◆ Raw data
○ ○ ○ ○

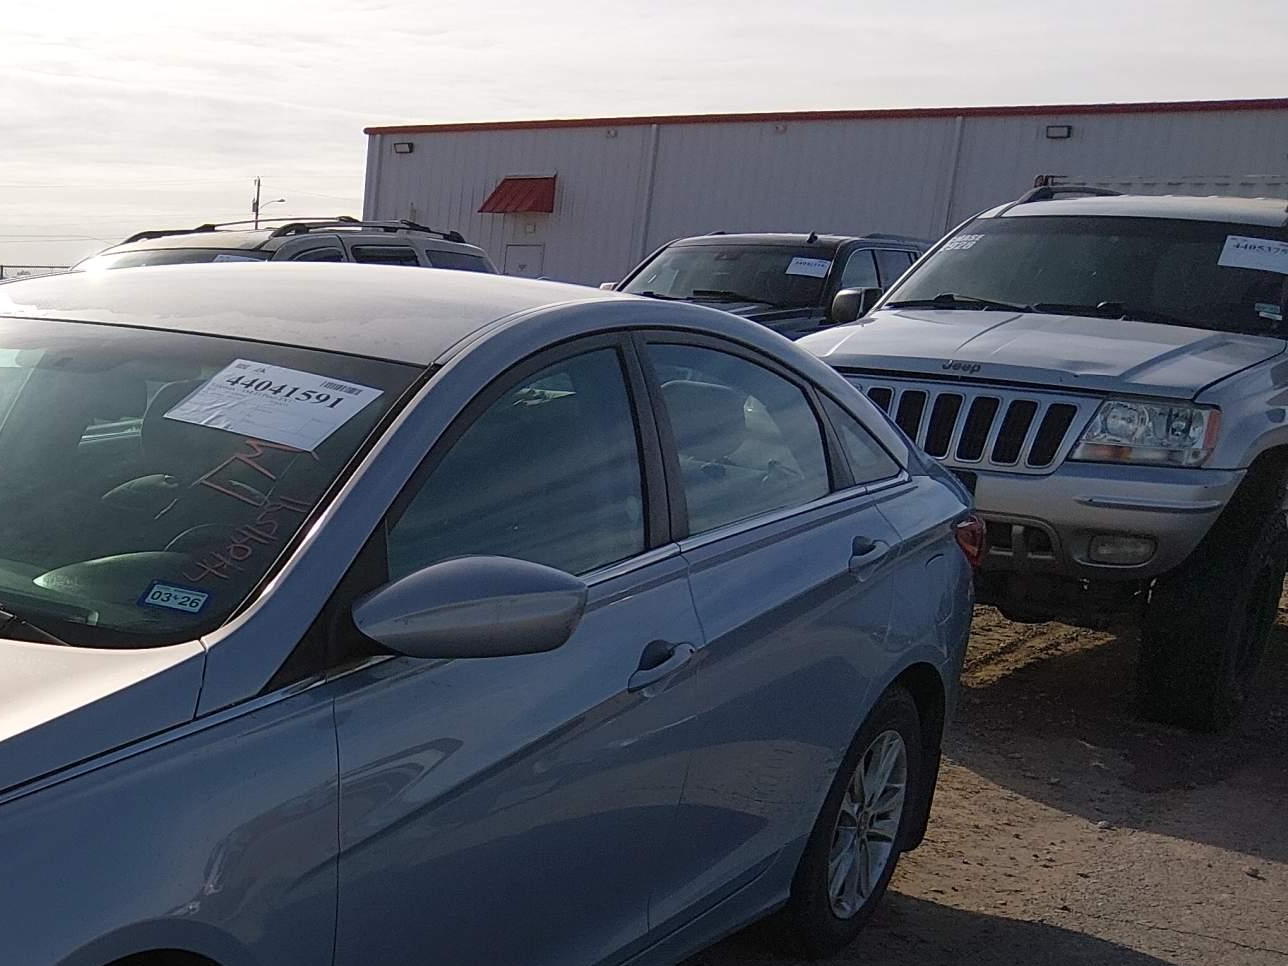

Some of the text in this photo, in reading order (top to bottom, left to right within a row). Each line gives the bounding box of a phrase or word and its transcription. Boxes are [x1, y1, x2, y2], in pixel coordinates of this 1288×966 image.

[942, 359, 981, 375] Jeep
[226, 375, 345, 409] 44041591
[151, 590, 172, 602] 03
[178, 596, 201, 608] 26
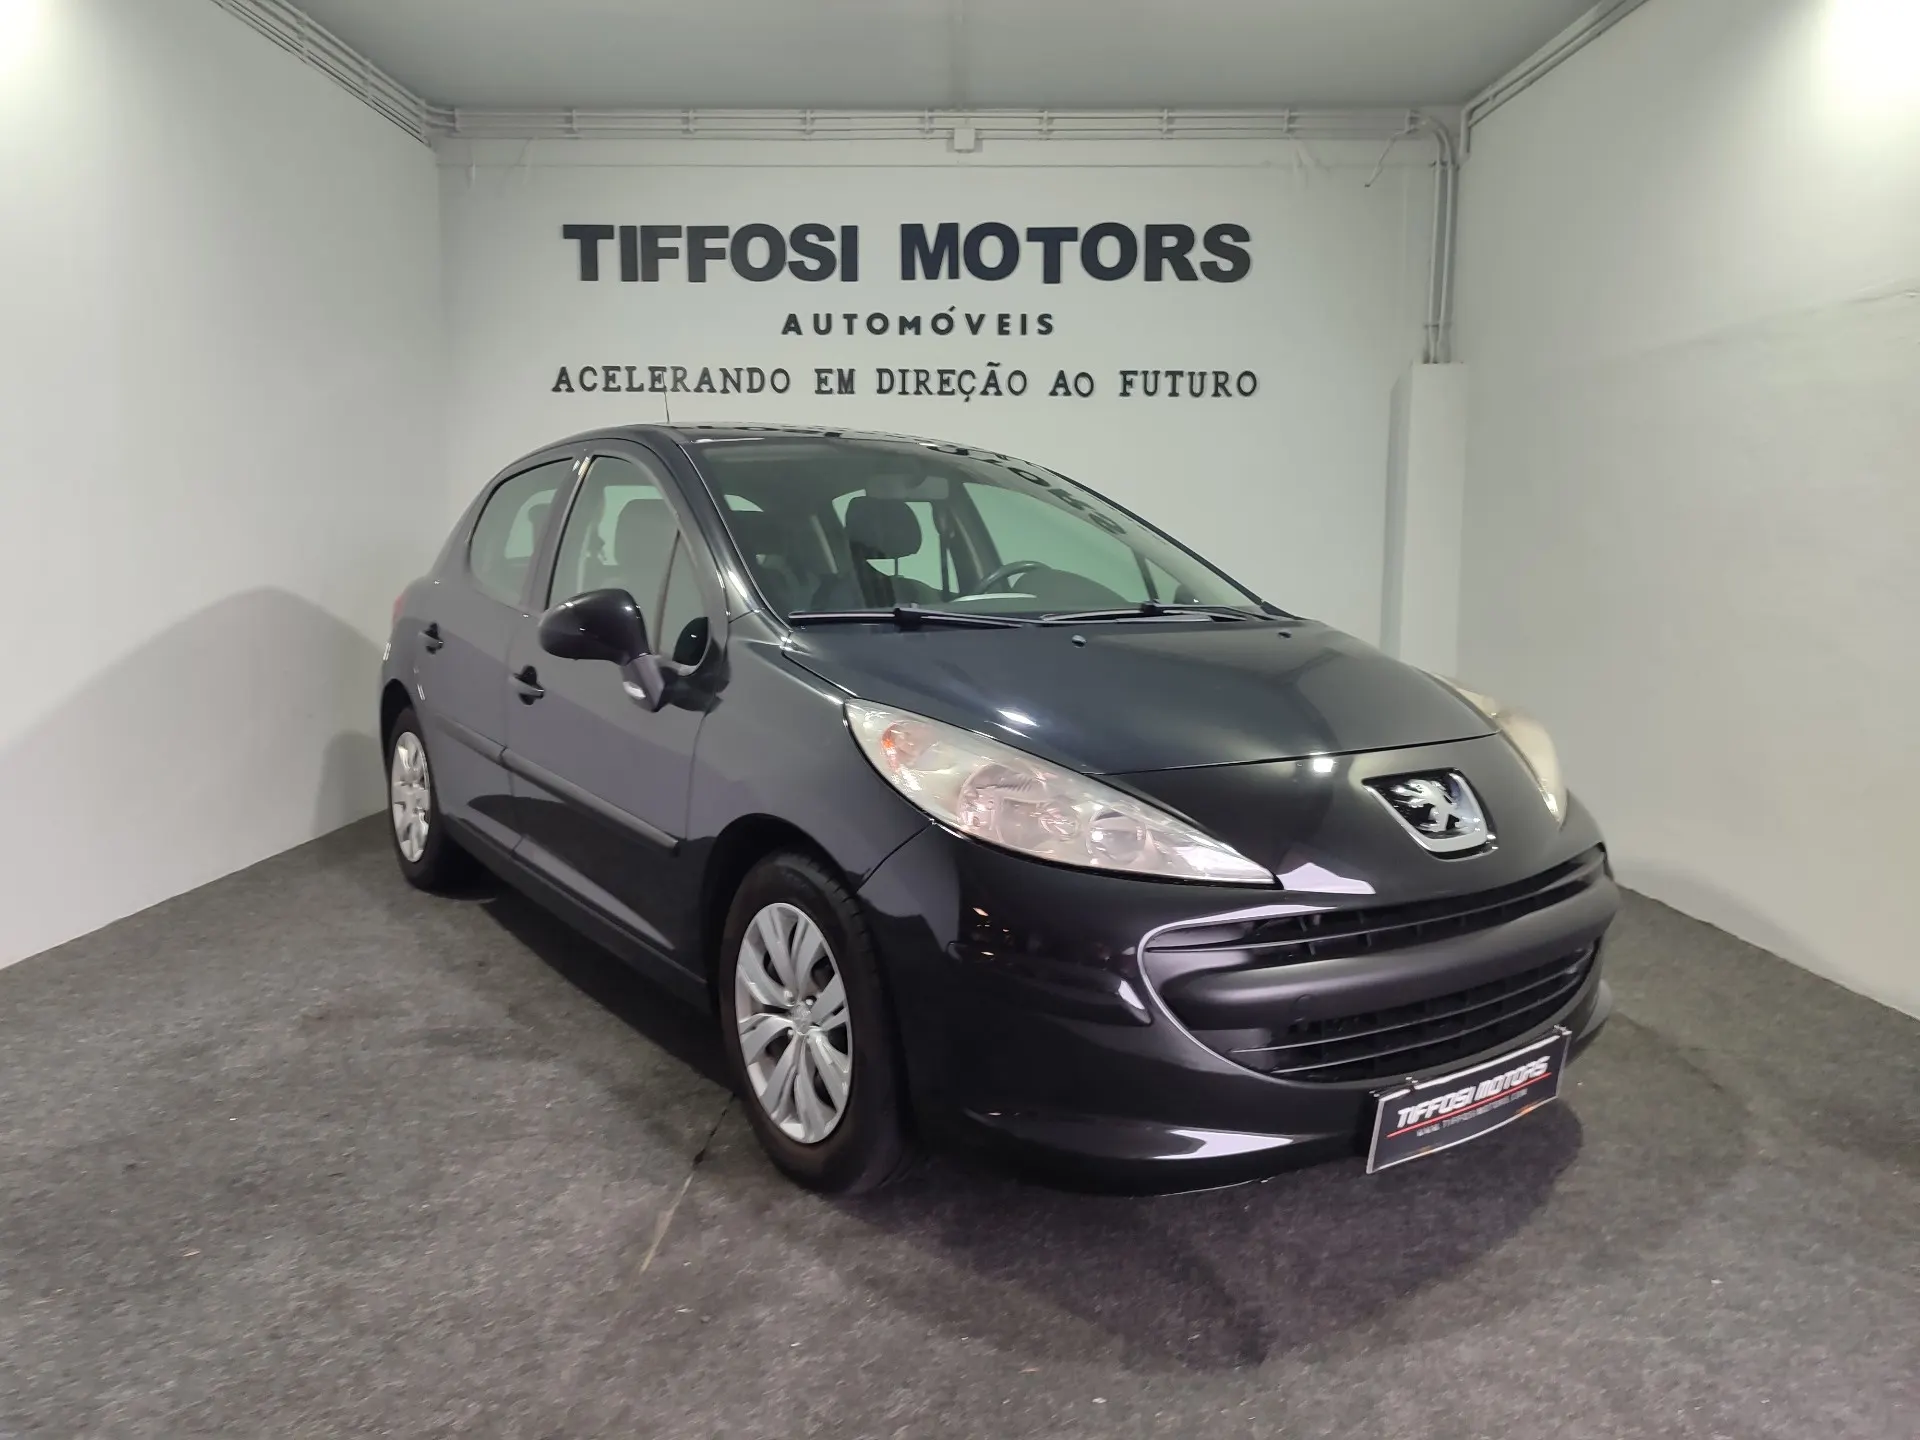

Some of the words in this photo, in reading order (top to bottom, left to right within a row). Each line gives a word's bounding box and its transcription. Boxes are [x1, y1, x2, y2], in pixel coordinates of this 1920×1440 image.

[562, 223, 859, 283] TIFFOSI
[900, 222, 1251, 284] MOTORS
[782, 306, 1054, 336] AUTOMÓVEIS
[551, 366, 791, 394] ACELERANDO
[814, 368, 857, 395] EM
[876, 362, 1028, 403] DIREÇÃO
[1049, 370, 1095, 398] AO
[1119, 370, 1259, 398] FUTURO
[1397, 1087, 1476, 1128] TIFFOSI
[1474, 1057, 1551, 1101] MOTORS

○ ○ ○ ○

◆ How to complete this task
The pictures in the data should be omitted, and every remaining line set down exactly.

◆ Written answer
Some of the text in this photo, in reading order (top to bottom, left to right within a row). Each line gives the bounding box of a phrase or word and its transcription. Boxes are [x1, y1, x2, y2], in pixel coordinates of this 1288×966 image.

[942, 359, 981, 375] Jeep
[226, 375, 345, 409] 44041591
[151, 590, 172, 602] 03
[178, 596, 201, 608] 26

Some of the words in this photo, in reading order (top to bottom, left to right within a row). Each line gives a word's bounding box and its transcription. Boxes are [x1, y1, x2, y2], in pixel coordinates of this 1920×1440 image.

[562, 223, 859, 283] TIFFOSI
[900, 222, 1251, 284] MOTORS
[782, 306, 1054, 336] AUTOMÓVEIS
[551, 366, 791, 394] ACELERANDO
[814, 368, 857, 395] EM
[876, 362, 1028, 403] DIREÇÃO
[1049, 370, 1095, 398] AO
[1119, 370, 1259, 398] FUTURO
[1397, 1087, 1476, 1128] TIFFOSI
[1474, 1057, 1551, 1101] MOTORS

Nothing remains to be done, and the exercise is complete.